#### [What you have to do]
Exclude the images and repeat all remaining entries exactly.

Referring expression grounding data:
/---

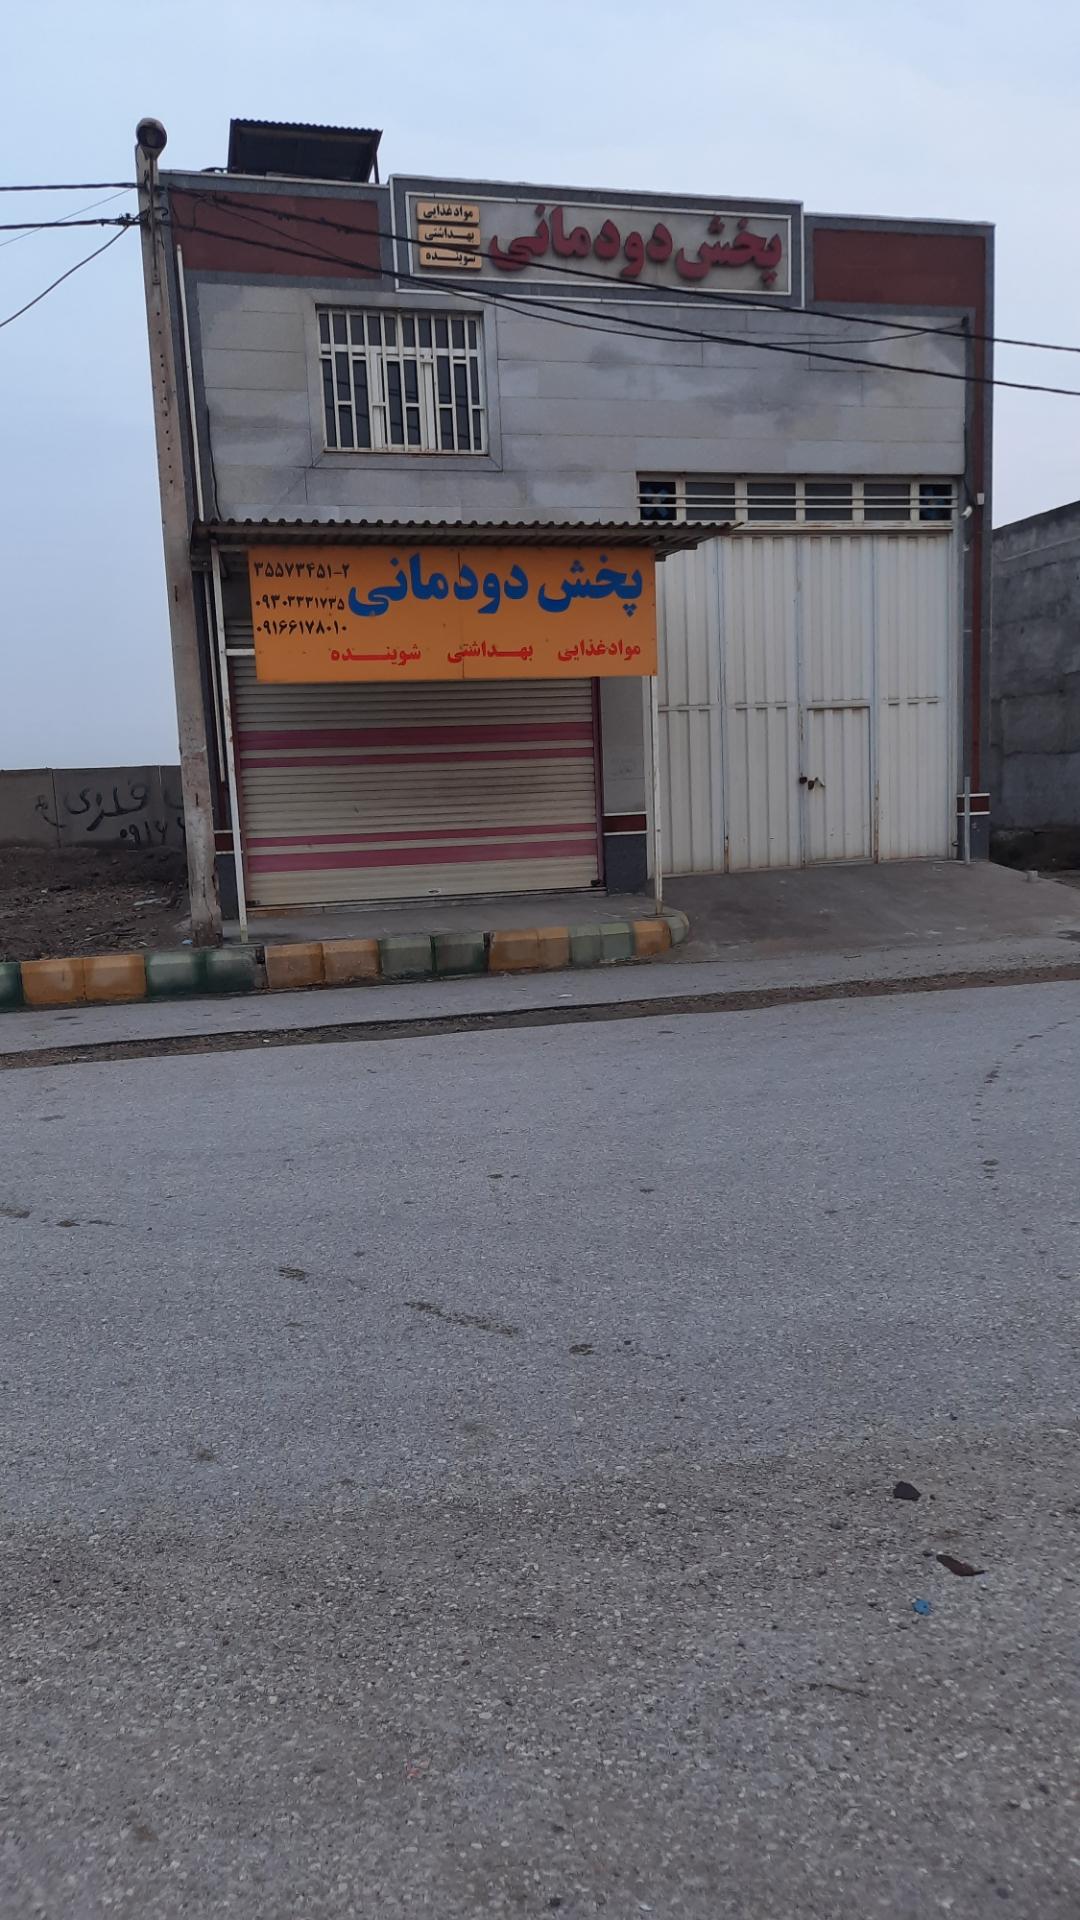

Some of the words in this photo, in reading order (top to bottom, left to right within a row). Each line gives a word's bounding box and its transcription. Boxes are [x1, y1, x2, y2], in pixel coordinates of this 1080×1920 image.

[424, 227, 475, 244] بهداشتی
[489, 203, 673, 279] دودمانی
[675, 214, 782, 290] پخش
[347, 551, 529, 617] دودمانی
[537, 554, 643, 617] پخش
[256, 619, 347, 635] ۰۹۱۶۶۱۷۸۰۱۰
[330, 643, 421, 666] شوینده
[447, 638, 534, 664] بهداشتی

\---

#### [Result of this exercise]
Some of the words in this photo, in reading order (top to bottom, left to right within a row). Each line gives a word's bounding box and its transcription. Boxes are [x1, y1, x2, y2], in pixel coordinates of this 1080×1920 image.

[424, 227, 475, 244] بهداشتی
[489, 203, 673, 279] دودمانی
[675, 214, 782, 290] پخش
[347, 551, 529, 617] دودمانی
[537, 554, 643, 617] پخش
[256, 619, 347, 635] ۰۹۱۶۶۱۷۸۰۱۰
[330, 643, 421, 666] شوینده
[447, 638, 534, 664] بهداشتی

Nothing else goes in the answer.